Most guilds will make it easy for you to see what classes they are
looking for as they should have listed in the post title any classes
they are looking for, and possibly even how advanced into raid
progression they are. For example most post titles will look like this:
<GuildName> looking for priests/rogues 9/9 Uld. Clearly
you can see this guild is looking for priests and rogues and has
currently killed 9/9 bosses in Ulduar. Keep in mind that the
recruitment forums move at a fast pace and things at the top will
quickly be pushed 3 pages back.



[protip]Most guilds will take applications from exceptional players
even if they are not looking for that specific class.[/protip]



Upon finding a guild that is looking for your specific class, click on
the link and read their entire advertisement. Here you should be able
to easily determine if their raid times match your hours of play. You
can also usually assess what attendance they require, and how hardcore
the guild really is. If the guild seems to fit your criteria make the
leap and browse their website. Here you should be able to find any
additional information you may need and also get a general idea of the
guild’s personality. If everything fits, it may be time to
/cower fill out an application. It is a good idea to make a list of all
the guilds you want to potentially apply to, including their guild
websites.


Filling Out The Guild
Application

When you have finally overcome the hurdle of searching out guilds that
are a good fit for you and have just breathed a sigh of relief the next
hurdle will dart at you. It is probably the most important yet
dangerous hurdle of them all. The guild application will literally
decide your future or non future with a guild.

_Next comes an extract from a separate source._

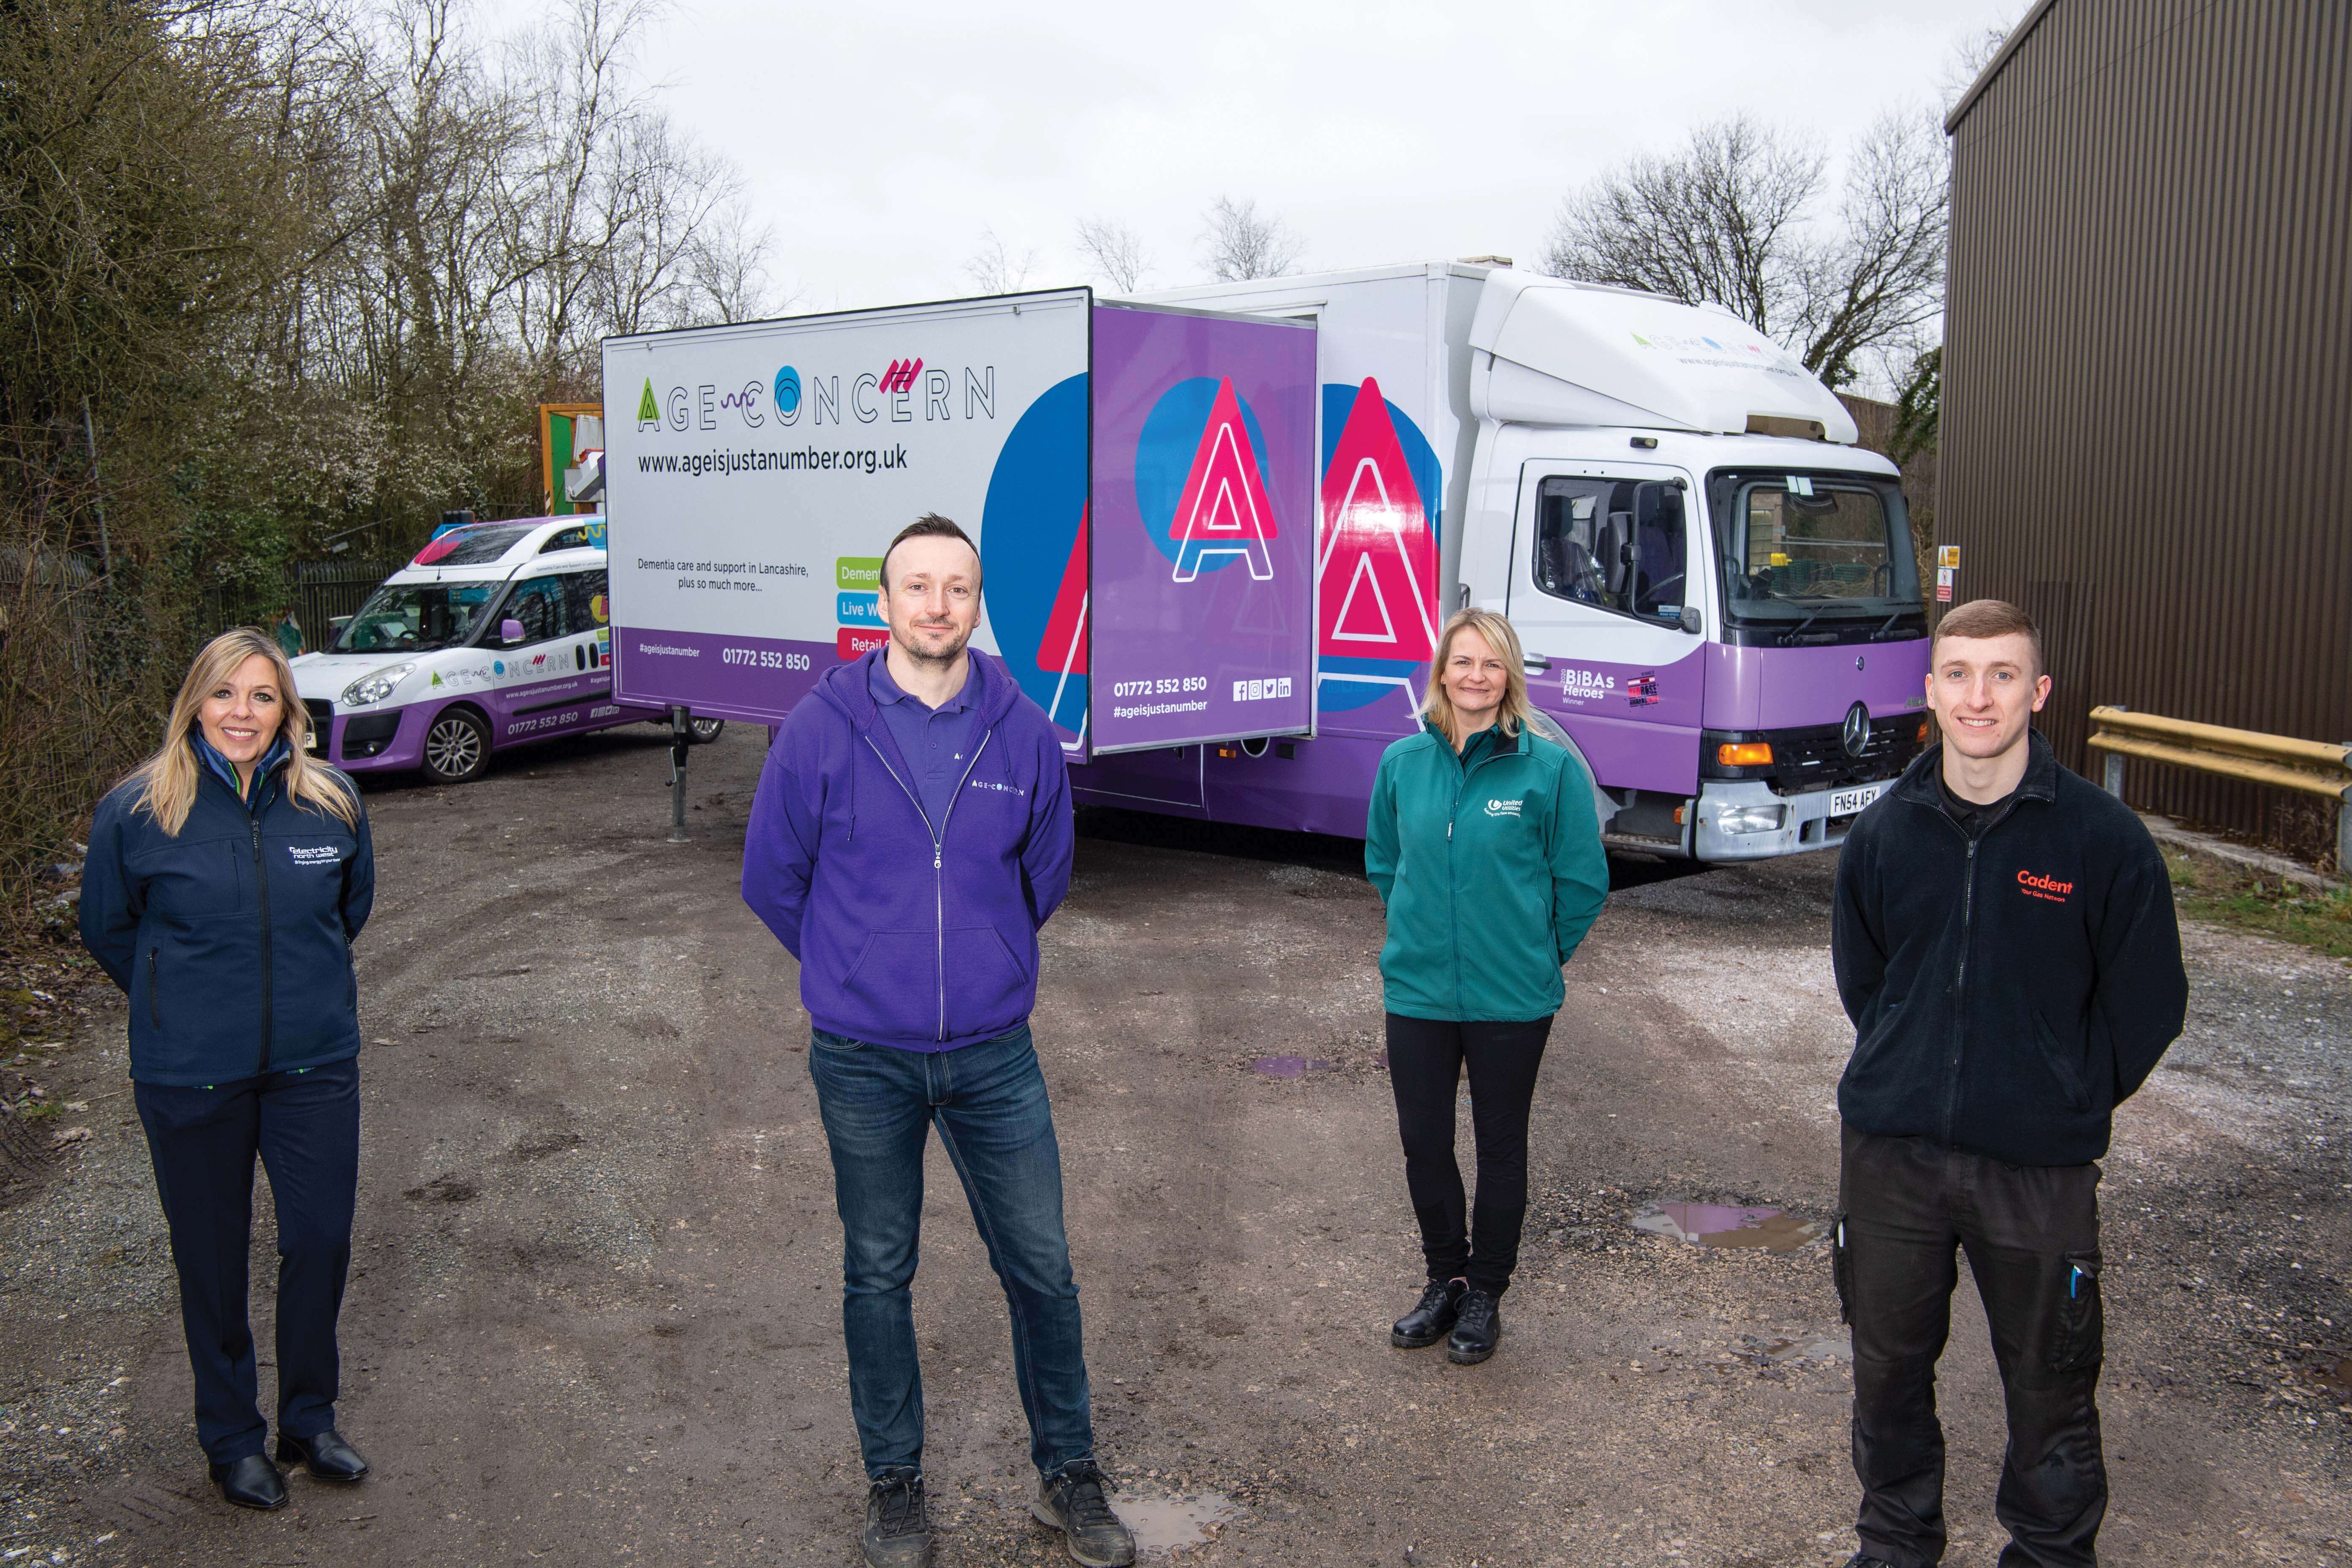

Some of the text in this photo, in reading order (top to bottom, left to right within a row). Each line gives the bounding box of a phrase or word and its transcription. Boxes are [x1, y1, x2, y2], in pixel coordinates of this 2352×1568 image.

 After making a list of the guilds that caught your interest,
go over them once again and decide which are your top three. These are
the guilds you will apply to first. Having too many applications out at
once is difficult to manage and also leaves the possibility of mistakes
on your part. As the guild application is your first and possibly only
chance to give a good impression mistakes are to be avoided at all
costs.



Pretend while filling out the application that you are applying for a
job. Read each question and be sure to understand it before you answer.
Answering the question without understanding it will scream I did this
in a hurry and just don’t care. Not something you want to
advertise to a potential guild.



Remember that one word answers are only acceptable for questions such
as “Class?”, or “ Age?”. The
guild will use this application to get to know you, so make your
answers at least a sentence or two and provide as much information as
you can. Proper punctuation, grammar, and spelling should be used at
all costs. Run your answers through a spell checker if needed to assure
it doesn’t look like a 4th grader typed up your application.
No guild will pick up an applicant who can’t even take the
time to type in legible English.



On the topic of legible English, if English is not your first language
and you are still struggling with proper sentence structure and grammar
then please be sure to note this as soon as possible on the
application. Guilds will tend to be forgiving in these cases and make
allowances for those not native to the English tongue. Leet (1337)
speak is also to be avoided on applications. While you might think
it’s cute, no one will take a second glance at an application
if it’s wri773|\| 1ik3 7|-|i5.



Don’t lie on your application, even little white lies. Trust
me in saying that whatever lie you may seek to tell will come back to
haunt you. Especially about attendance, or your raid experience. If you
claim to be able to make 99% of all raids, be prepared to follow
through on that claim. Or when you finally get into raid with the new
guild it will become painfully obvious that you have no idea what you
are doing and you will find yourself most likely starting the guild
hunt all over again.



Finally be sure to check out your gems and enchantments on your gear
(check out the Ten Ton Hammer class guides to help get them in order).
Guilds will be looking at these, so if you are a warrior with spell
power on your bracers you application will probably end up
insta-deleted. On that note, since guilds will be checking out your
gear, be sure to log out in the gear that is relevant to the spot you
are applying for. Nothing is more annoying than seeing, “well
I might be in my PvP gear….” on an application, or
going to the armory to check out a potential applicant only to find
they are wearing their fishing outfit. Don’t be lazy, take
two seconds and ensure that the guild you are applying to will be able
to see what they need to see. They may not take the time to have a
second look.


Waiting, Interviews, and
Questions. Oh My!

Once you have filled out your application it becomes a simple waiting
game. Depending on how big the guild is and how many applications they
receive per week will determine how long it takes for them to get back
to you. While you may be tempted to log on every other day and bug one
of the officers about the status of your application this is an
inherently bad idea.  You will only succeed in being a pest
and eventually hurt your chances of being accepted into the guild. If
you must ask about your application log on after about a week or even
two and politely ask an officer how long a response usually takes, and
if they know if there will be an update on your application soon. Thank
the officer for their time and then go back to the waiting game.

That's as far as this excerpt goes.